WHAT IS EXPECTED: The answer must be the lines from the one containing "this 1500×1000 image." through the last line of the data below, copied exactly, with nothing else.

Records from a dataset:
────

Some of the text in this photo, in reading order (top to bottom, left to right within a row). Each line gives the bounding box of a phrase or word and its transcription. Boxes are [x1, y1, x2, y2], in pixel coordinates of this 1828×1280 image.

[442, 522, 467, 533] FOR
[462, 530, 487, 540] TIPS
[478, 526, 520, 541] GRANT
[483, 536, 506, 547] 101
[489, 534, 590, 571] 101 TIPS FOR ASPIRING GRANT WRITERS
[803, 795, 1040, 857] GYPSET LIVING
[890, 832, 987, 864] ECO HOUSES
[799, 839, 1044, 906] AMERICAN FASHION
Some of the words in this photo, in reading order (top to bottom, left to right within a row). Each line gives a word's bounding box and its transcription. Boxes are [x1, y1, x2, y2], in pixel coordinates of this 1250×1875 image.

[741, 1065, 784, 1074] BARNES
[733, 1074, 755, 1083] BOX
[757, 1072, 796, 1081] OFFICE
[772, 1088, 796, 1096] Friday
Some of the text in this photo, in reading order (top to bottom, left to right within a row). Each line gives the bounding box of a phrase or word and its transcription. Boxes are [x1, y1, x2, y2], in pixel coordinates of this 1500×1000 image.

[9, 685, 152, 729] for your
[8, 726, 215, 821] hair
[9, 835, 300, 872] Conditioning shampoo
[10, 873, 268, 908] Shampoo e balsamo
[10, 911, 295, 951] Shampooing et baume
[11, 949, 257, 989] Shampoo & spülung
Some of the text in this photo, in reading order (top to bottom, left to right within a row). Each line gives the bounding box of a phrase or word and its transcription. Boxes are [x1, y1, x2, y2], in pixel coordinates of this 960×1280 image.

────

OUTPUT:
Some of the text in this photo, in reading order (top to bottom, left to right within a row). Each line gives the bounding box of a phrase or word and its transcription. Boxes are [x1, y1, x2, y2], in pixel coordinates of this 1500×1000 image.

[9, 685, 152, 729] for your
[8, 726, 215, 821] hair
[9, 835, 300, 872] Conditioning shampoo
[10, 873, 268, 908] Shampoo e balsamo
[10, 911, 295, 951] Shampooing et baume
[11, 949, 257, 989] Shampoo & spülung
Some of the text in this photo, in reading order (top to bottom, left to right within a row). Each line gives the bounding box of a phrase or word and its transcription. Boxes are [x1, y1, x2, y2], in pixel coordinates of this 960×1280 image.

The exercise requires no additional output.